__What you should do__. What you submit must be an exact copy of the listing below, with no images in it.

__Records for this task__.
== Segment start ==

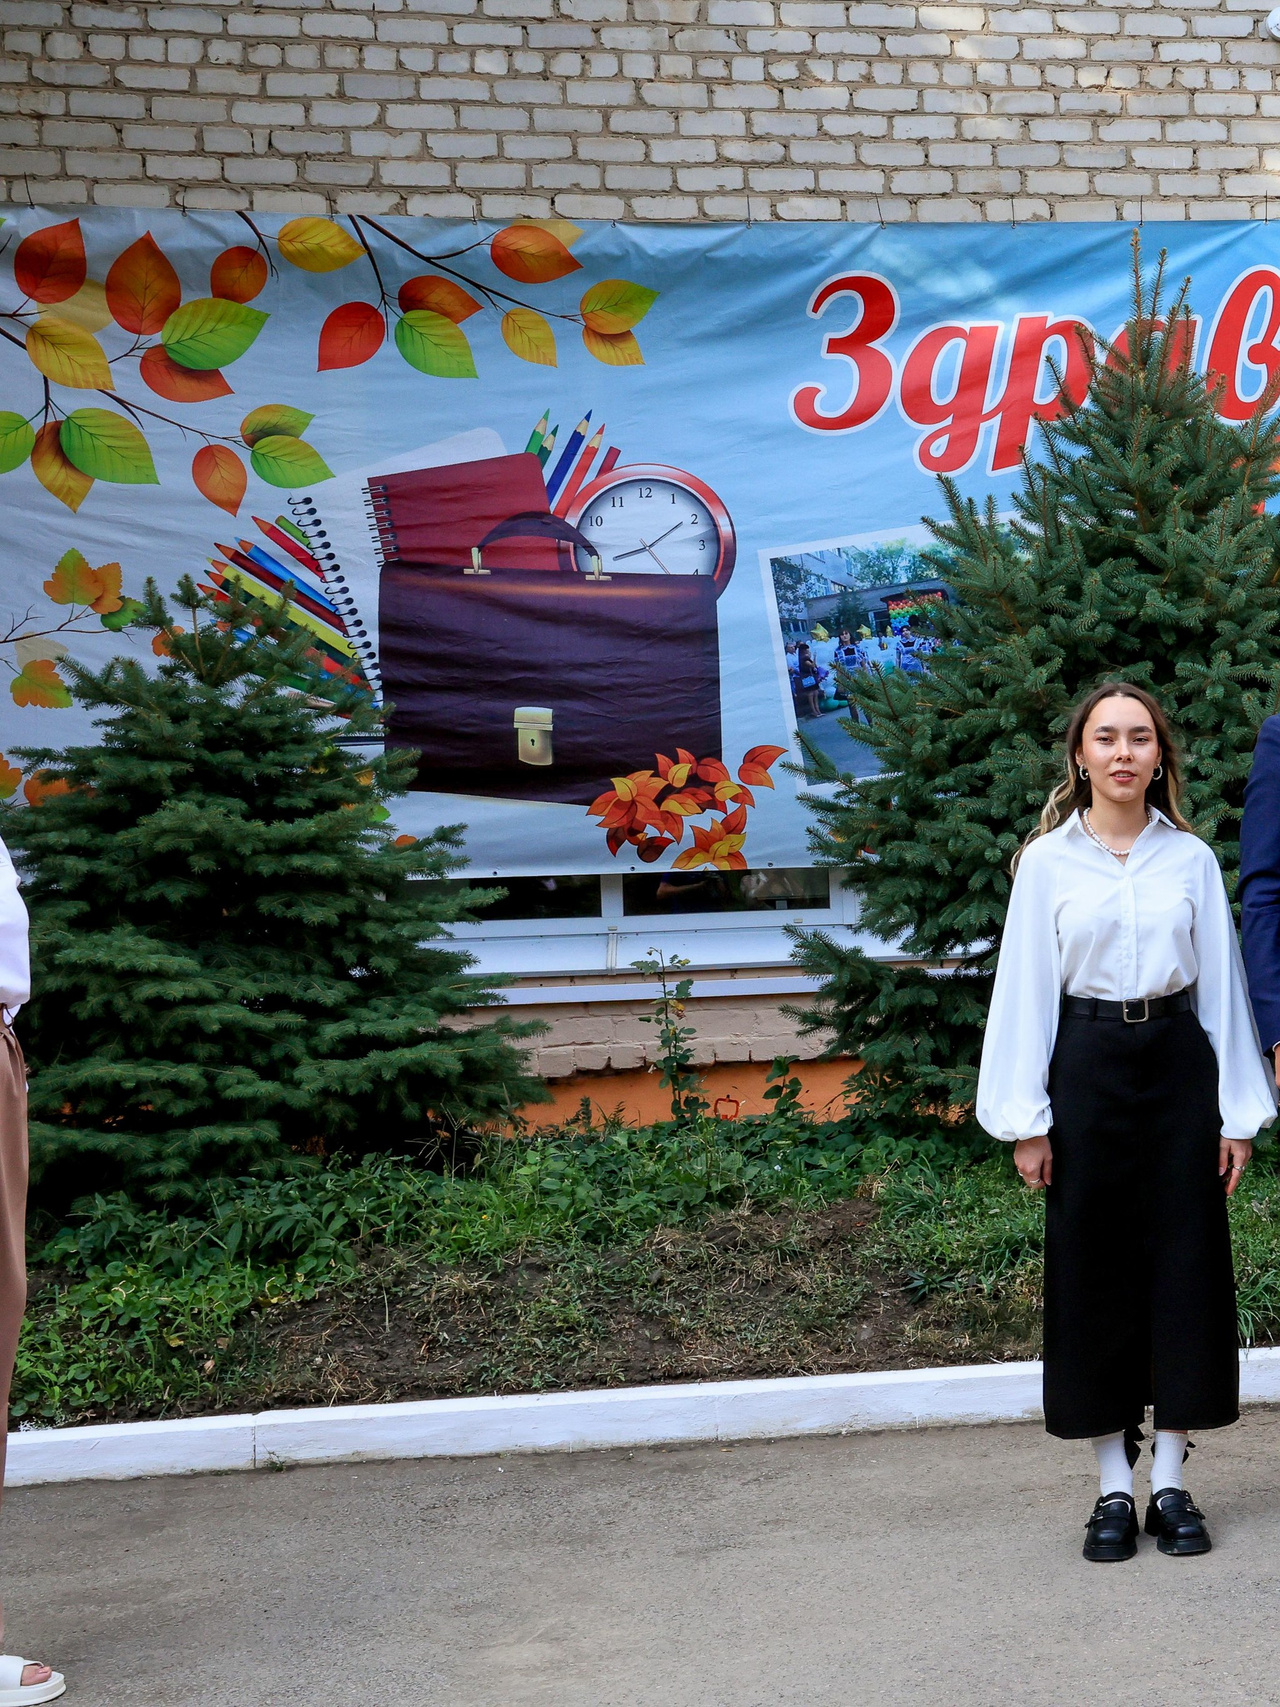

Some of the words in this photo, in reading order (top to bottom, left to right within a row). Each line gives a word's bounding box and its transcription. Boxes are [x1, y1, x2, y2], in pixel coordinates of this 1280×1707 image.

[638, 487, 653, 499] 12
[670, 493, 677, 505] 1
[611, 496, 624, 507] 11
[588, 515, 603, 527] 10
[690, 513, 698, 525] 2
[698, 539, 706, 551] 3

== Segment end ==

__Answer to this task__.
Some of the words in this photo, in reading order (top to bottom, left to right within a row). Each line gives a word's bounding box and its transcription. Boxes are [x1, y1, x2, y2], in pixel coordinates of this 1280×1707 image.

[638, 487, 653, 499] 12
[670, 493, 677, 505] 1
[611, 496, 624, 507] 11
[588, 515, 603, 527] 10
[690, 513, 698, 525] 2
[698, 539, 706, 551] 3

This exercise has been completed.